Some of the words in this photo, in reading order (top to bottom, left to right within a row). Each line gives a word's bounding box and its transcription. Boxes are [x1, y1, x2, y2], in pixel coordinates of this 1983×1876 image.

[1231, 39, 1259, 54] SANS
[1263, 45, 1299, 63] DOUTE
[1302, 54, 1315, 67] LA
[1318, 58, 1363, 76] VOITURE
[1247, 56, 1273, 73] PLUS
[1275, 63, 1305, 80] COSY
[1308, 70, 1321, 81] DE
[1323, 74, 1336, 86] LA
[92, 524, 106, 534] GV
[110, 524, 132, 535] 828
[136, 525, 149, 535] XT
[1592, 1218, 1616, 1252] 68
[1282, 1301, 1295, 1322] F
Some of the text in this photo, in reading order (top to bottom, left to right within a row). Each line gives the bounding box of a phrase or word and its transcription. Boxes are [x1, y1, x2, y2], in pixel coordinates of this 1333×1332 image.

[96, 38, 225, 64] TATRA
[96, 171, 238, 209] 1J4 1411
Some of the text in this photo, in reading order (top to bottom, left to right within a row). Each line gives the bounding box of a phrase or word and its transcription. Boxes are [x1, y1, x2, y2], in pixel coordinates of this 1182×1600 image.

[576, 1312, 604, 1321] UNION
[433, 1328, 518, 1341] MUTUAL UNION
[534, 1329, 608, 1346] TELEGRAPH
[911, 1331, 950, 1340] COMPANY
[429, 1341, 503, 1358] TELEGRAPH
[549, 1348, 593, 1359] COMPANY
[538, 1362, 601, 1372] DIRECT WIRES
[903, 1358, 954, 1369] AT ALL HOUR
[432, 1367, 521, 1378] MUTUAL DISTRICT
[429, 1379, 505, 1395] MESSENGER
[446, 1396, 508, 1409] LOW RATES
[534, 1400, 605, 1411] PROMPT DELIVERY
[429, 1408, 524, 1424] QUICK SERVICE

● ● ● ●

→ **Required action**: In the listing above, find the line containing "this 1182×1600 image."; that line and every line after it, through the last, are to be retyped exactly.

→ **The answer**:
Some of the text in this photo, in reading order (top to bottom, left to right within a row). Each line gives the bounding box of a phrase or word and its transcription. Boxes are [x1, y1, x2, y2], in pixel coordinates of this 1182×1600 image.

[576, 1312, 604, 1321] UNION
[433, 1328, 518, 1341] MUTUAL UNION
[534, 1329, 608, 1346] TELEGRAPH
[911, 1331, 950, 1340] COMPANY
[429, 1341, 503, 1358] TELEGRAPH
[549, 1348, 593, 1359] COMPANY
[538, 1362, 601, 1372] DIRECT WIRES
[903, 1358, 954, 1369] AT ALL HOUR
[432, 1367, 521, 1378] MUTUAL DISTRICT
[429, 1379, 505, 1395] MESSENGER
[446, 1396, 508, 1409] LOW RATES
[534, 1400, 605, 1411] PROMPT DELIVERY
[429, 1408, 524, 1424] QUICK SERVICE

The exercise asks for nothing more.